We just give here a good summary of the subject by David Goldstein,
in his book: "What say you", Radio Replies Press, St. Paul, MN, 1945.
So your contention would be true if it were proper to use the term
brethren in the narrow sense in which you use it. But brethren in
the Bible has a very wide significance, which you ignore. For instance,
in Genesis 29:15, we read:
And Laban said unto Jacob, Because thou art my brother; should
thou therefore serve me for nought?
According to
your limited use of the term, Jacob must have been a blood-brother
of Laban, when he was only a nephew. In Genesis 13:8, Abram said to
Lot, we are "brethren", when Lot was Abram's kinsman. In the Bible
we learn that tribesman were called brethren (lev. 21:16); as were
men belonging to the same nation (Ex. 2:11).
The word brethren
also has an extensive meaning in our own language and times. Friends
concluding a covenant; members of the same club or union; fellows
of the same God the Father, are called brethren. Preachers of the
word of God address their congregations as brethren, when none of
the listeners are blood relatives. Thus you see that the word "brethren"

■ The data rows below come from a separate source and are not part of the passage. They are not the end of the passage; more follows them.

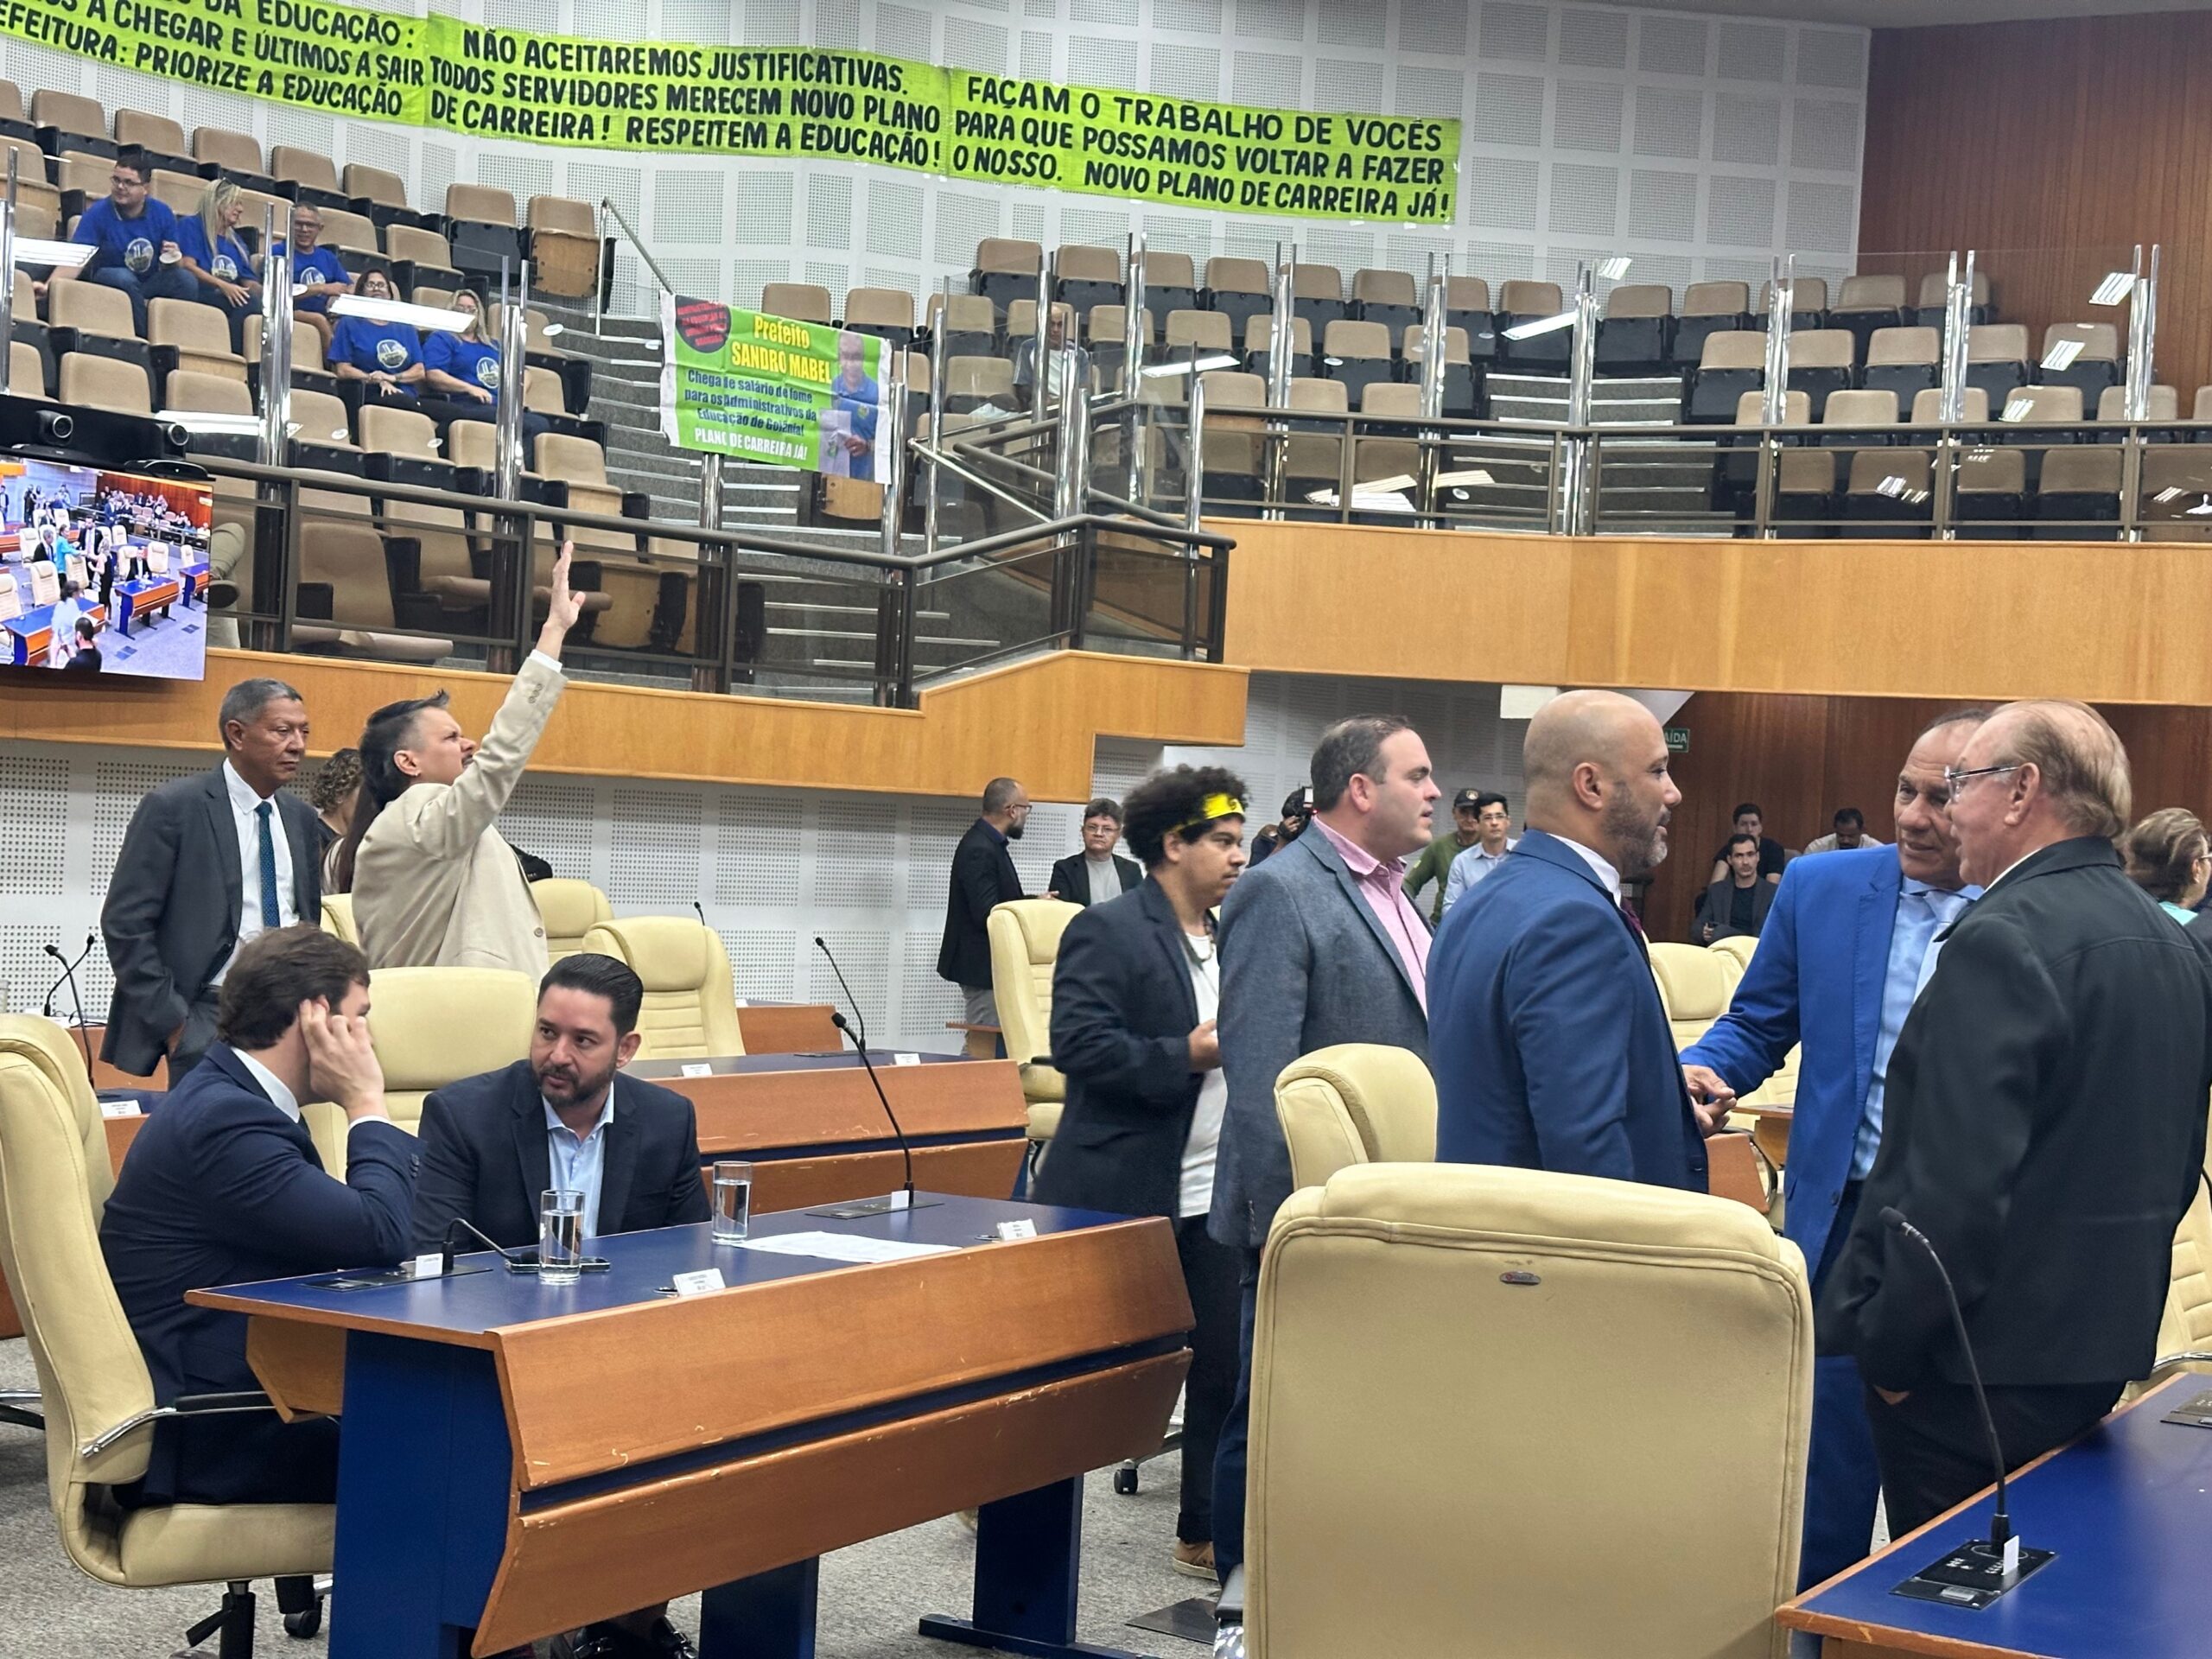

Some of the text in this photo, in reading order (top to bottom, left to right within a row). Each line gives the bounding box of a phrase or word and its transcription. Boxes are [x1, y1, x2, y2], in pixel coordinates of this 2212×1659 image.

[114, 2, 223, 51] CHEGAR
[232, 29, 246, 56] E
[255, 29, 352, 74] ÚLTIMOS
[356, 51, 370, 77] A
[377, 54, 423, 86] SAIR
[464, 29, 907, 94] NÃO ACEITAREMOS JUSTIFICATIVAS.
[136, 42, 251, 91] PRIORIZE
[257, 70, 273, 95] A
[283, 73, 402, 116] EDUCAÇÃO
[430, 56, 939, 132] TODOS SERVIDORES MERECEM NOVO PLANO
[432, 90, 457, 124] DE
[626, 117, 766, 148] RESPEITEM
[776, 123, 791, 149] A
[801, 124, 939, 167] EDUCAÇÃO!
[969, 77, 1441, 151] FAÇAM O TRABALHO DE VOCÊS
[956, 111, 1444, 184] PARA QUE POSSAMOS VOLTAR A FAZER
[954, 145, 1448, 218] O NOSSO. NOVO PLANO DE CARREIRA JÁ!
[732, 341, 832, 385] SANDRO MABEL
[754, 315, 810, 349] Prefeito
[684, 389, 709, 404] para
[710, 394, 722, 405] os
[805, 409, 817, 423] da
[688, 369, 721, 387] Chega
[738, 379, 774, 396] salário
[776, 385, 788, 398] de
[697, 407, 749, 427] Educação
[751, 415, 764, 429] de
[730, 432, 743, 448] DE
[744, 435, 792, 458] CARREIRA
[793, 442, 809, 461] JÁ!
[1664, 729, 1688, 744] AÍDA

has a wider significance than sons of the same mother.
The question
as to who are the "brethren" to whom you refer, is not absolutely
certain. The claim made that they were children of Joseph by an earlier
marriage has been dismissed as untenable. Being older than Jesus,
as they would have to be, our Lord could not be the "first-born",
heir to the throne of David, as He is listed in the genealogies, if
he had brothers through Joseph, according to Jewish Law. It is generally
believed that James (afterward Bishop of Jerusalem), Joseph, Simon
and Jude were cousins of Jesus. They are held to be sons of Mary,
the wife of Cleophas (also called Alepheus), who was the Blessed Virgin's
cousin. They could not be called cousins, for there is no such word
in the Hebrew or Aramaic language, hence the word cousin is not in
any part of the Old Testament.
The writers of
Holy writ were compelled to use the word Ah to describe kinsman,
which translated literally is brother. Calvin, the father of Protestant
"theology", in refuting Helvedius, who maintained that "brethren"
referred to uterine brothrers, said: "We have already stated that
according to the Hebrews all relatives are called brothers."
One thing is
certain, it would not have been within the province of Jesus on the
Cross to place His mother in the care of St. John if He had brothers
(St. John 19:26, 27). Again, Jesus, and He alone, is called in the
Bible "the son of Mary" (St. Mark, 6:3).
Weak, indeed,
is the arguement against the perpetual virginity of Mary when opponents
of Catholic belief, in order to sustain their contention, find it
necessary to hark back to a narrow interpretation of the word "brethren"
that has been refuted times without number ever since the Catholic
Church translated the Bible into Latin, fifteen centuries ago. St.
Jerome answered that false concept in the fourth century, in writing
on the Perpetual Virginity of Mary.
That question
is settled for Catholics, not merely by their study of the matter,
but by the infallible authority of the Church, expressed in its definition
of the Virgin Birth of Jesus, at the 5`°' General council of Constaninople
(553 A.D.), and the Lateran Council at Rome (640 A.D.).